It’s Spring Break of my freshman year of college and my dad and I slip into the Ford Fusion in our apartment building’s parking lot. I had no intention of ever driving again after my accident, but my parents insisted.

Our building sits on a major road that cuts through the heart of our town. The turn out of the parking lot scares me, so I sit in the passenger seat and watch my dad drive us to a nearby residential area — a quiet neighborhood with tree-lined streets and cozy houses that sit close together. Calm down, I tell myself. It won’t happen again.

•••

When my doctor asked me what it felt like, I told her it was kind of like being naked — a thick blanket of security I didn’t even know was there had suddenly been ripped from my shoulders, leaving me in a hyper-cautious and vulnerable state. I fought back tears as I tried to explain, but she told me this was good, so I continued:

Each time I crossed the street, entered a moving vehicle or heard balloons pop or glass bottles hit the ground, I felt all at once entirely exposed and defenseless. I would cringe, close my eyes, clench my fists and wait for the feeling to pass.

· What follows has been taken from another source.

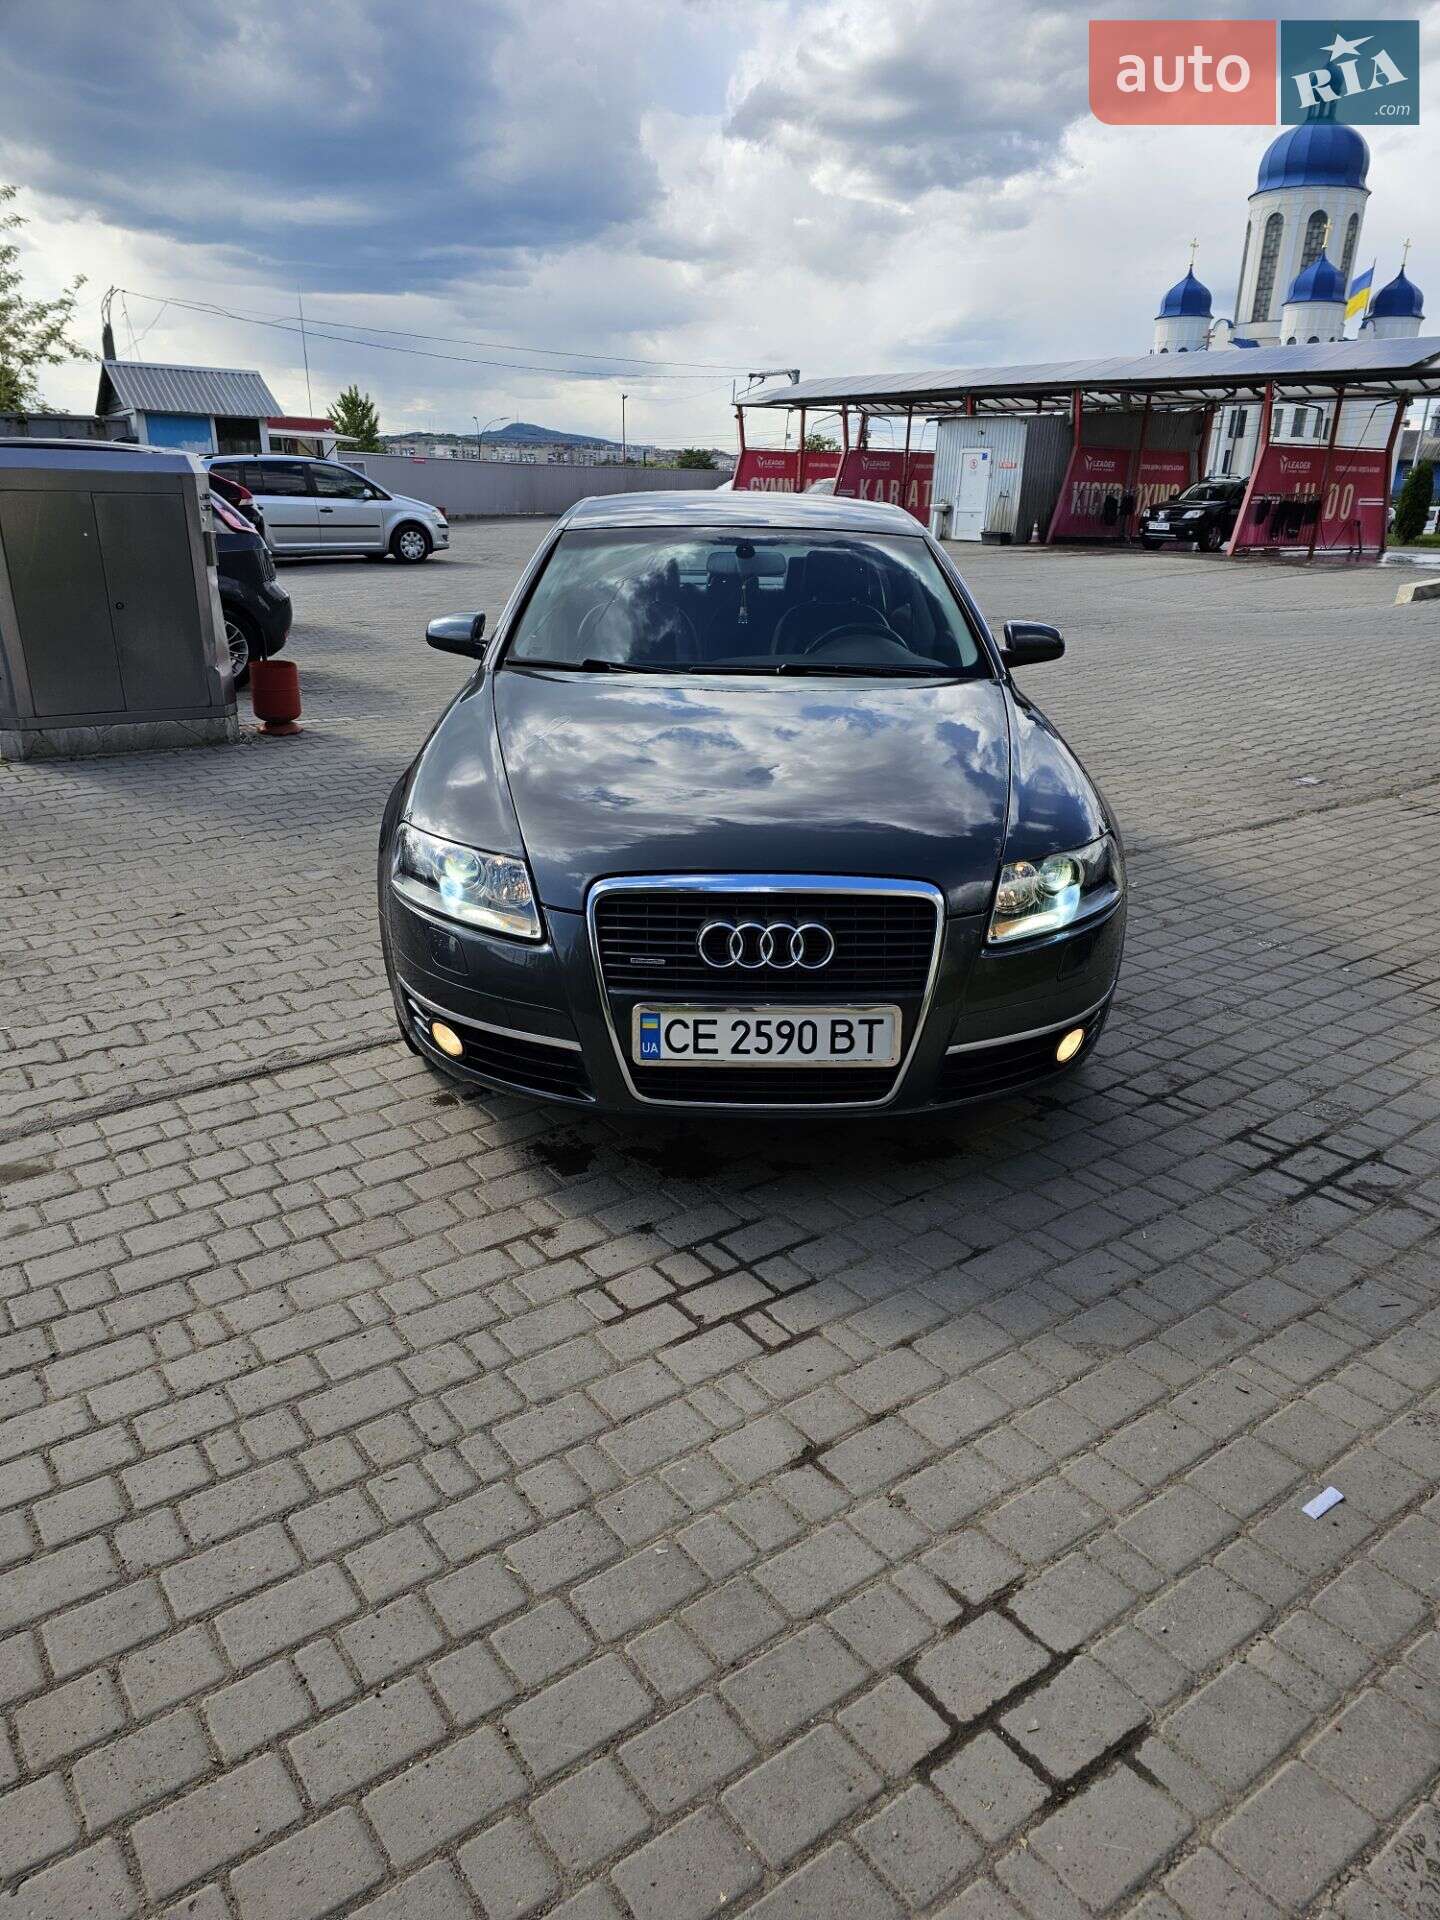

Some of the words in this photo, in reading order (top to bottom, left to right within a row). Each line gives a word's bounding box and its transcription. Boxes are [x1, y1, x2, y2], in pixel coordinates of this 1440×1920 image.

[641, 1043, 659, 1054] UA
[664, 1018, 719, 1055] CE
[730, 1019, 817, 1055] 2590
[829, 1018, 884, 1055] BT

Not long after this feeling took hold, I began doubting my own common sense. I convinced myself that if I didn’t look both ways, three times each, before letting my feet leave the sidewalk, I would surely miss an oncoming car. If I didn’t close my eyes from the passenger seat as my friend made a left turn, my mind convinced my body it would happen all over again.  

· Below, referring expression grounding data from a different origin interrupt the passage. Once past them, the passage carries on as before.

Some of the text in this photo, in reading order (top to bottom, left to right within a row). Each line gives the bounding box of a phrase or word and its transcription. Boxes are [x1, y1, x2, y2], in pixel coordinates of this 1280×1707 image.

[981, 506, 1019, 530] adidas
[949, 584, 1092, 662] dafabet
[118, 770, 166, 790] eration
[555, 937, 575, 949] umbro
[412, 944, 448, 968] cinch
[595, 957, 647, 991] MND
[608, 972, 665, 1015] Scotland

The left window would shatter as the car turned over, and there I would be: hanging from my seatbelt, my tears dripping sideways onto the shirt of my friend who had been driving. My ears were stinging from the blast of the air bag and my torso was aching from the pull of the seat-belt. People rushed into the intersection, tapped on the windshield and called 911, but I was screaming and no one on the outside could hear me. 

•••

I constantly remind myself that I’m among the luckiest people on Earth.

“The car did exactly what it was supposed to do; it took the impact,” the police officer told my parents, who were staring at the vehicle, tipped over on its side and compressed like a thin sheet of paper.

The emergency room doctor assured me after several X-rays that my pain was simply bruising that would fade in time. Some gross black and blue marks, and sporadic stiff aches that made it difficult to crane my neck or fall asleep, and that was it: I really am one of the luckiest people on Earth.

But in some sense, both the sheriff and the ER doctor, who each gracefully dealt with my family’s collective hysteria, were wrong. There was an impact that none of the latest safety features could absorb. There were bruises that wouldn’t fade for months — maybe even years.

•••

It’s been almost two years since the accident, and I still find myself clenching my fists as I cross the street and letting out small gasps from the passenger’s seat in the middle of busy intersections. The most painful part is not the moment itself, but the memory: When crossing the street to meet friends for coffee or in the car on the way home from a movie, the feeling comes back to me unexpectedly.

The memory hurts, but I’ve noticed it’s gradually faded. With help, I’ve realized the most important part of the healing process is to let myself be upset — to let myself remember the accident without stressing over the fact that I’ll never be able to fully forget about it. In time, I tell myself, it won’t hurt as much.